Data shown: Begin

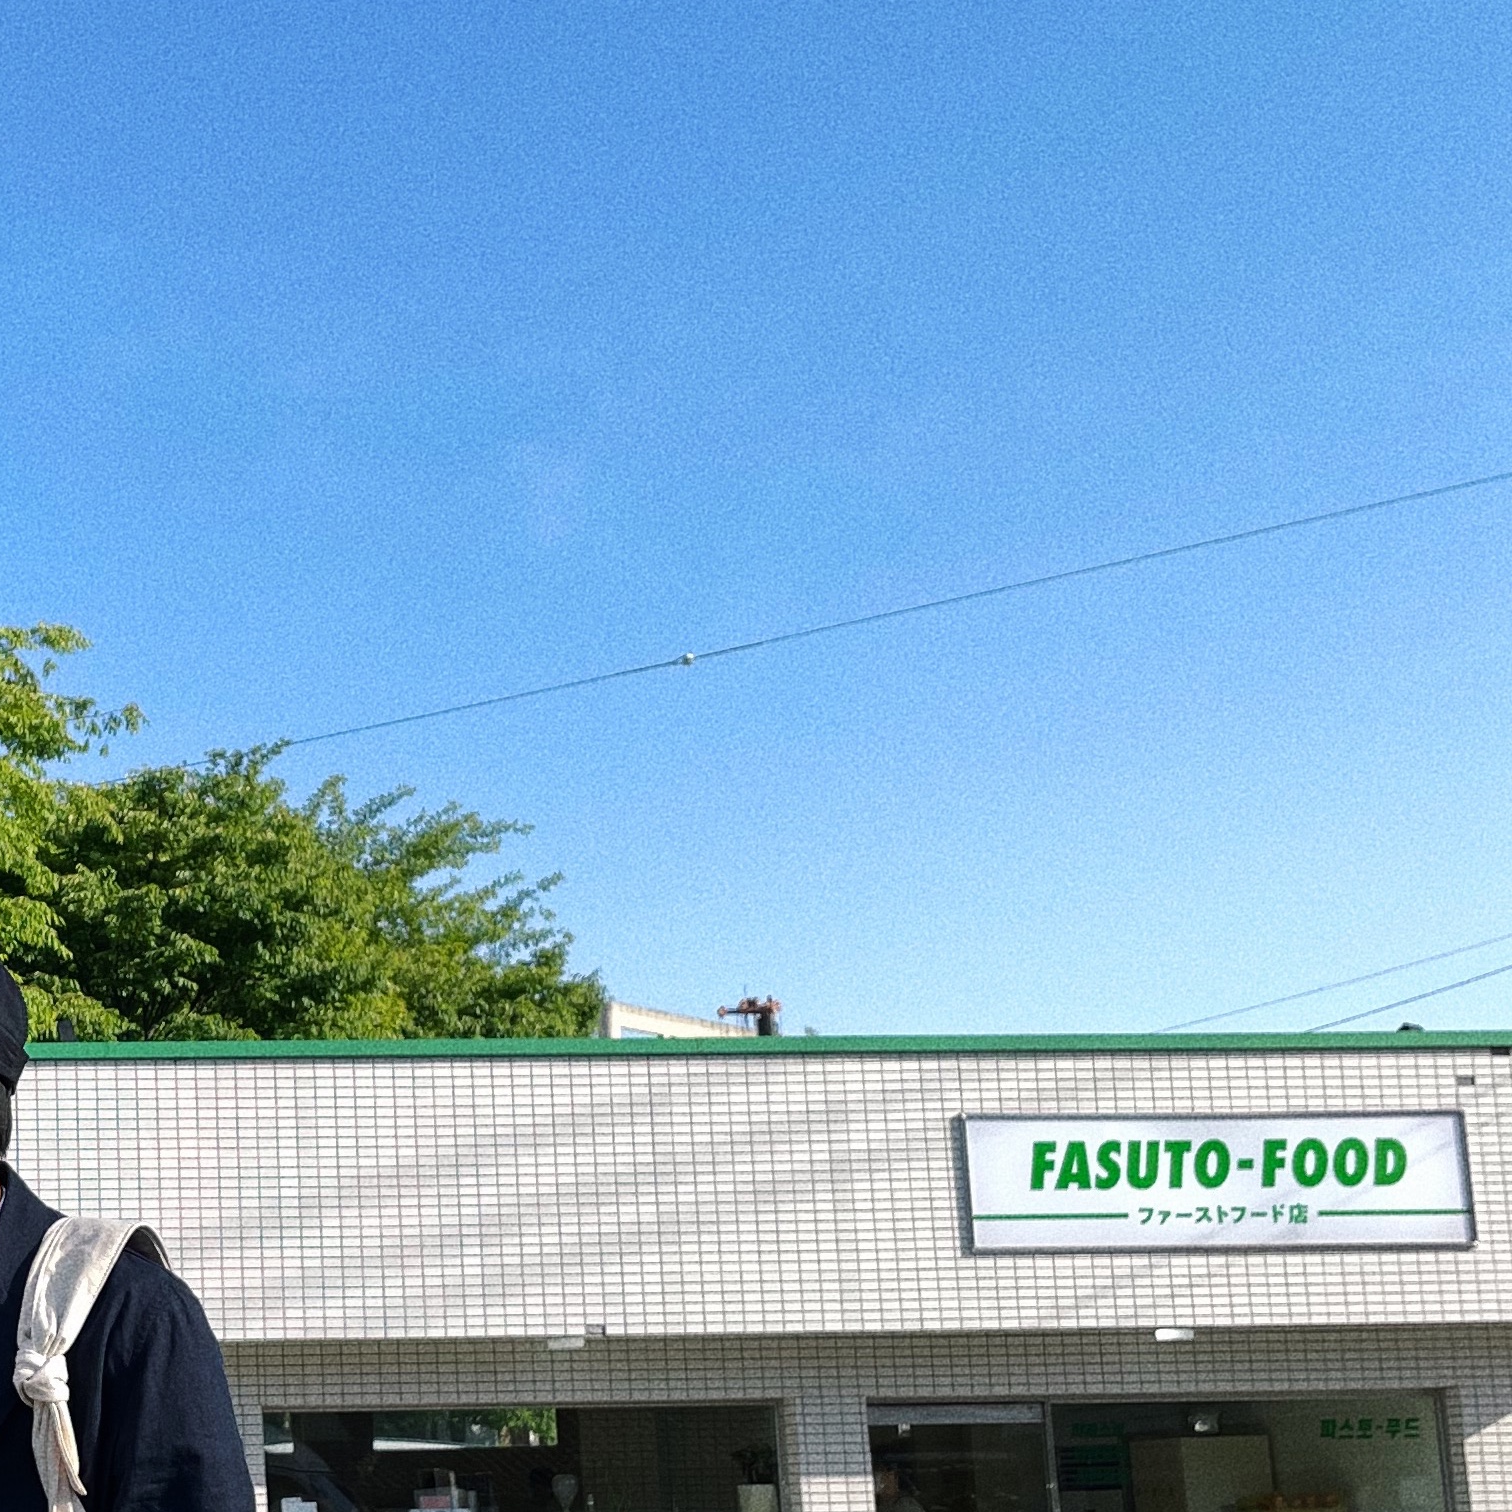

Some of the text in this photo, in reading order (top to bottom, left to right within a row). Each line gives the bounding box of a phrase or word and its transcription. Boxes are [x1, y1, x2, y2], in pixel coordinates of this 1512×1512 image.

[1029, 1137, 1407, 1191] FASUTO-FOOD
[1138, 1203, 1309, 1225] ファーストフード店
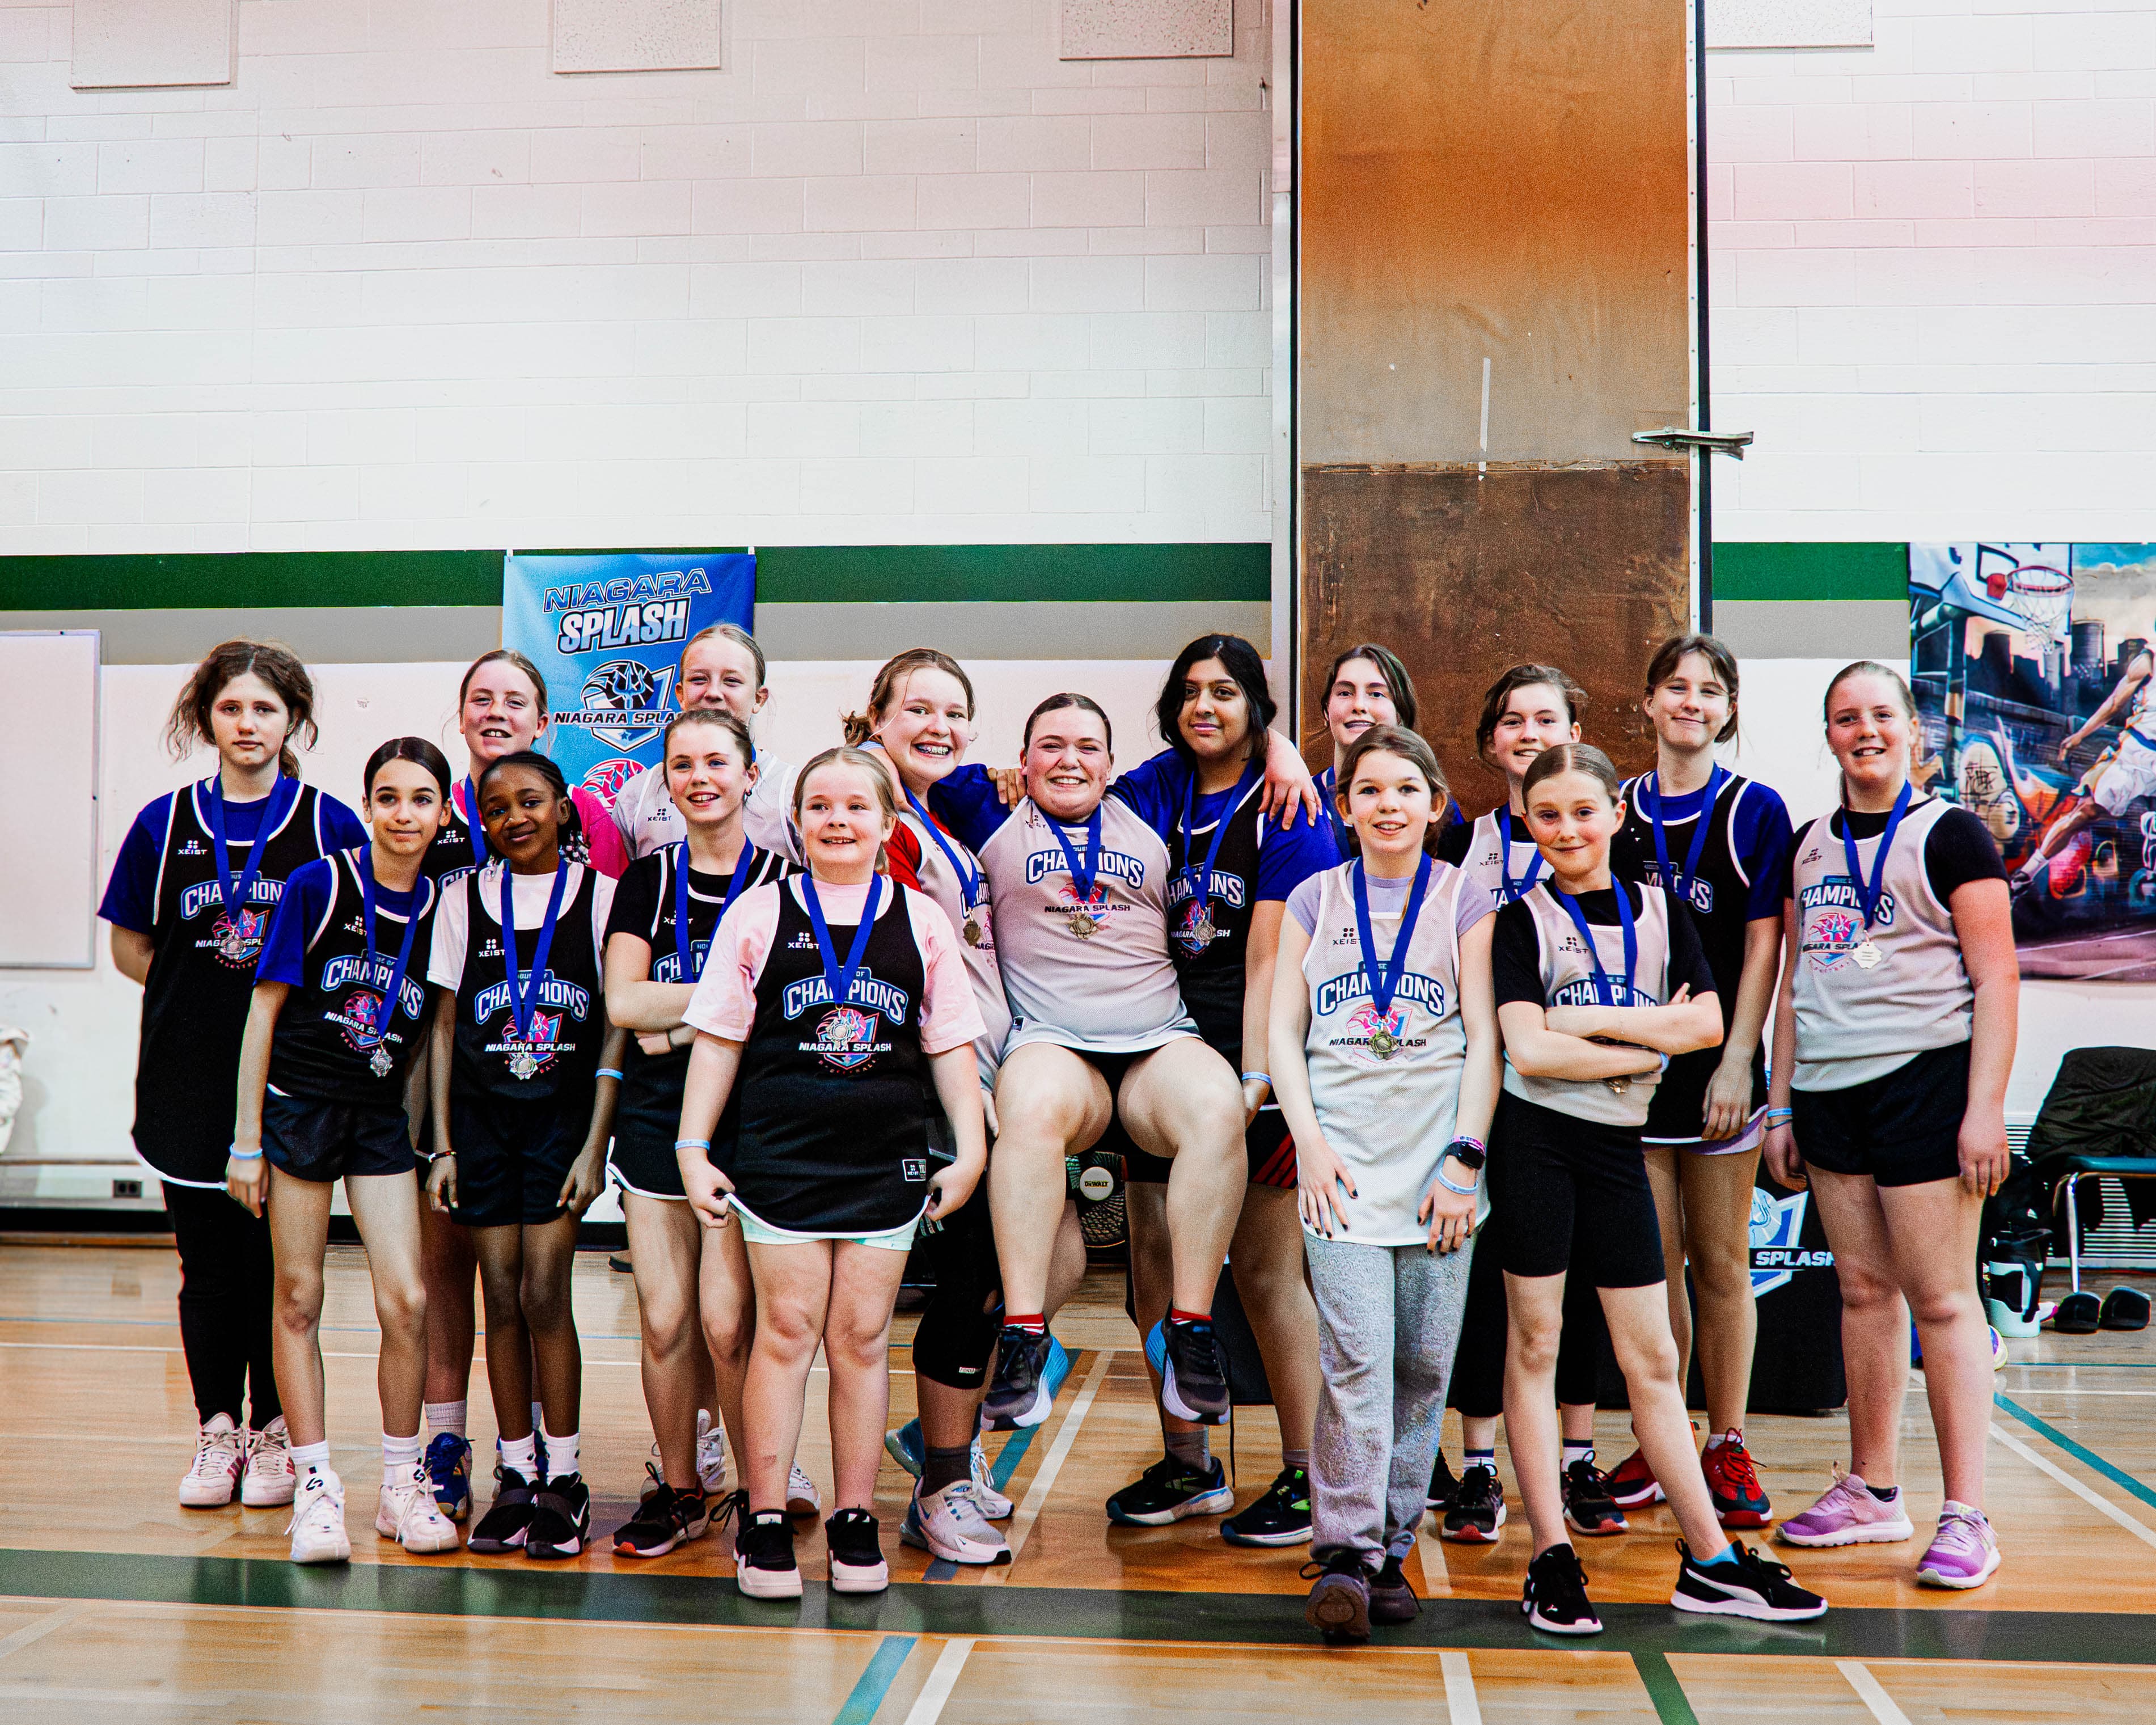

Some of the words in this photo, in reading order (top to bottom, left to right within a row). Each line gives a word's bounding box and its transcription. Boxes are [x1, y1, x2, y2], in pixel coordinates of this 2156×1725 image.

[543, 568, 712, 612] NIAGARA
[557, 597, 691, 655] SPLASH
[554, 712, 628, 724] NIAGARA
[633, 712, 676, 724] SPLA
[1802, 885, 1894, 924] HAMPIS
[663, 916, 694, 925] XET
[195, 938, 221, 948] NIAG
[479, 949, 505, 958] XEIST
[325, 959, 422, 1016] CHAMPINS
[787, 979, 906, 1021] CHAPIONS
[324, 1012, 365, 1031] NIAGARA
[535, 1043, 576, 1052] SPLASH
[852, 1042, 891, 1052] SPLASH
[1329, 1038, 1370, 1047] NIAGAR

Data shown: End

* Requirement:
Return every entry word for word, minus the pictures.

* Solution to the problem:
Some of the text in this photo, in reading order (top to bottom, left to right within a row). Each line gives the bounding box of a phrase or word and its transcription. Boxes are [x1, y1, x2, y2], in pixel coordinates of this 1512×1512 image.

[1029, 1137, 1407, 1191] FASUTO-FOOD
[1138, 1203, 1309, 1225] ファーストフード店

Some of the words in this photo, in reading order (top to bottom, left to right within a row). Each line gives a word's bounding box and its transcription. Boxes are [x1, y1, x2, y2], in pixel coordinates of this 2156×1725 image.

[543, 568, 712, 612] NIAGARA
[557, 597, 691, 655] SPLASH
[554, 712, 628, 724] NIAGARA
[633, 712, 676, 724] SPLA
[1802, 885, 1894, 924] HAMPIS
[663, 916, 694, 925] XET
[195, 938, 221, 948] NIAG
[479, 949, 505, 958] XEIST
[325, 959, 422, 1016] CHAMPINS
[787, 979, 906, 1021] CHAPIONS
[324, 1012, 365, 1031] NIAGARA
[535, 1043, 576, 1052] SPLASH
[852, 1042, 891, 1052] SPLASH
[1329, 1038, 1370, 1047] NIAGAR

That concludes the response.